Foundation models like ChatGPT are transforming society with their remarkable capabilities, serious risks, rapid deployment, unprecedented adoption, and unending controversy. Simultaneously, the European Union (EU) is finalizing its AI Act as the world’s first comprehensive regulation to govern AI, and just yesterday the European Parliament adopted a draft of the Act by a vote of 499 in favor, 28 against, and 93 abstentions. The Act includes explicit obligations for foundation model providers like OpenAI and Google.
In this post, we evaluate whether major foundation model providers currently comply with these draft requirements and find that they largely do not. Foundation model providers rarely disclose adequate information regarding the data, compute, and deployment of their models as well as the key characteristics of the models themselves. In particular, foundation model providers generally do not comply with draft requirements to describe the use of copyrighted training data, the hardware used and emissions produced in training, and how they evaluate and test models. As a result, we recommend that policymakers prioritize transparency, informed by the AI Act’s requirements. Our assessment demonstrates that it is currently feasible for foundation model providers to comply with the AI Act, and that disclosure related to foundation models’ development, use, and performance would improve transparency in the entire ecosystem.
Foundation models are at the center of global discourse on AI: the emerging technological paradigm has concrete and growing impact on the economy, policy, and society. In parallel, the EU AI Act is the most important regulatory initiative on AI in the world today. The Act will not only impose requirements for AI in the EU, a population of 450 million people, but also set precedent for AI regulation around the world (the Brussels effect). Policymakers across the globe are already drawing inspiration from the AI Act, and multinational companies may change their global practices to maintain a single AI development process. How we regulate foundation models will structure the broader digital supply chain and shape the technology’s societal impact.
Our assessment establishes the facts about the status quo and motivates future intervention.
Below is a summary of our approach, including all relevant details in the referenced documents.
We present the final scores in the above figure with the justification for every grade made available. Our results demonstrate a striking range in compliance across model providers: some providers score less than 25% (AI21 Labs, Aleph Alpha, Anthropic) and only one provider scores at least 75% (Hugging Face/BigScience) at present. Even for the highest-scoring providers, there is still significant margin for improvement. This confirms that the Act (if enacted, obeyed, and enforced) would yield significant change to the ecosystem, making substantial progress towards more transparency and accountability.
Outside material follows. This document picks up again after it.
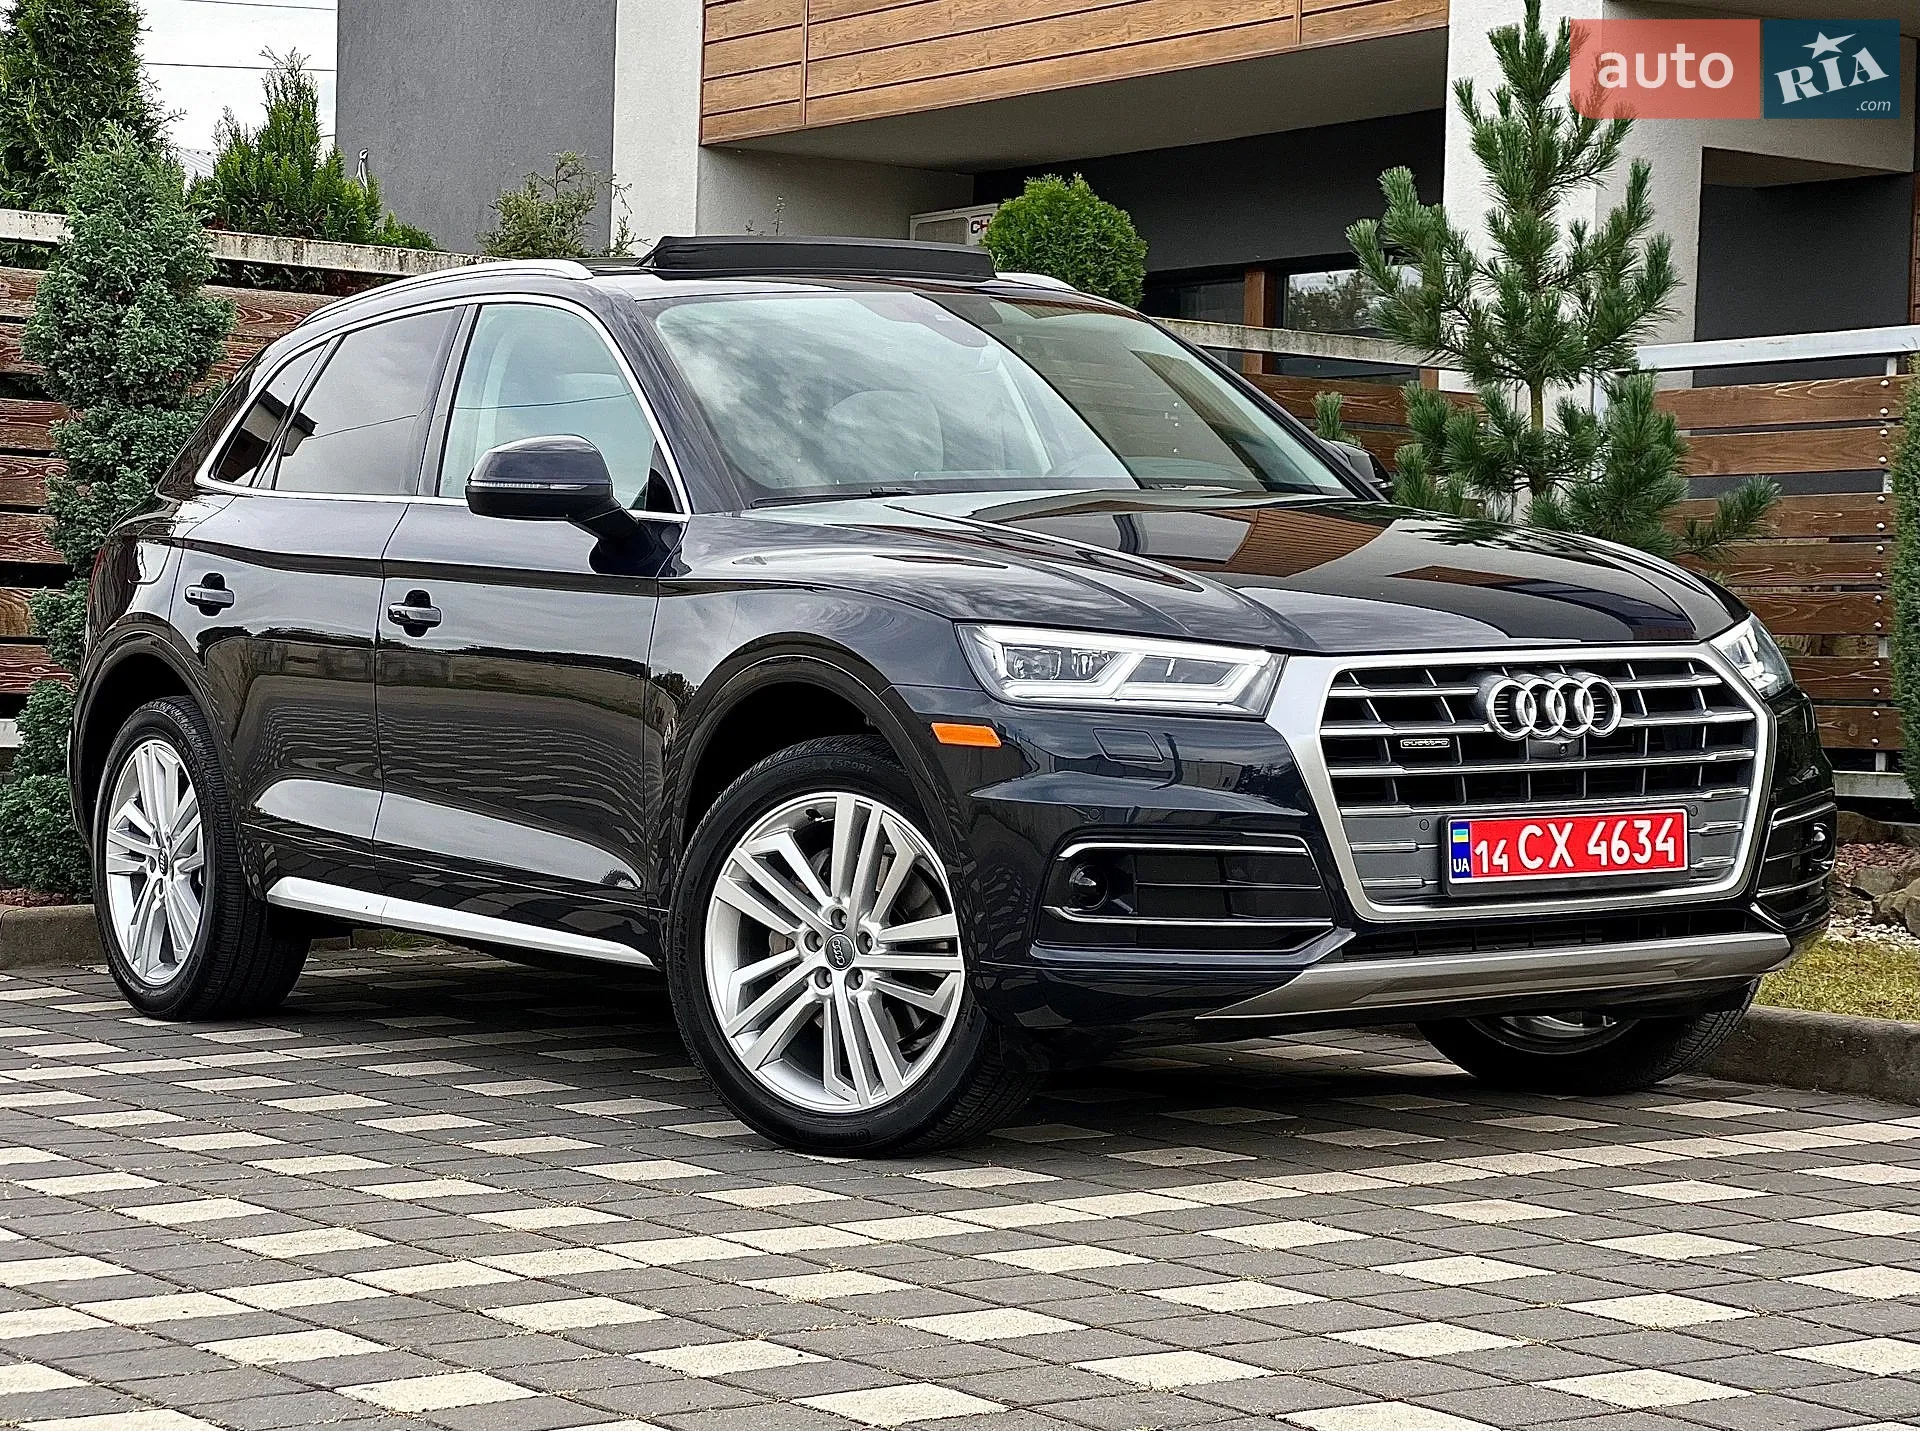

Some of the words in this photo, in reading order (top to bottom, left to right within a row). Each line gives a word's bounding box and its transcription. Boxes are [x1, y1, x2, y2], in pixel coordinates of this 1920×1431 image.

[1473, 839, 1509, 873] 14
[1517, 822, 1575, 870] CX
[1587, 818, 1675, 866] 4634
[1453, 858, 1470, 873] UA
Persistent challenges. We see four areas where many organizations receive poor scores (generally 0 or 1 out of 4). They are (i) copyrighted data, (ii) compute/energy, (iii) risk mitigation, and (iv) evaluation/testing. These speak to established themes in the scientific literature:
Open vs restricted/closed models. We find a clear dichotomy in compliance as a function of release strategy, or the extent to which foundation model providers make their models publicly available. At present, foundation model providers adopt a variety of release strategies, with no established norms. While release strategies are not binary and exist on a spectrum, for simplicity we consider broadly open releases (e.g. EleutherAI’s GPT-NeoX, Hugging Face/BigScience’s BLOOM, Meta’s LLaMA) vs restricted/closed releases (e.g. Google’s PaLM 2, OpenAI’s GPT-4, Anthropic’s Claude). Open releases generally achieve strong scores on resource disclosure requirements (both data and compute), with EleutherAI receiving 19/20 for these categories. However, such open releases make it challenging to monitor or control deployment, with more restricted/closed releases leading to better scores on deployment-related requirements. For instance, Google’s PaLM 2 receives 11/12 for deployment. We emphasize that EU policymakers should consider strengthening deployment requirements for entities that bring foundation models to market to ensure there is sufficient accountability across the digital supply chain.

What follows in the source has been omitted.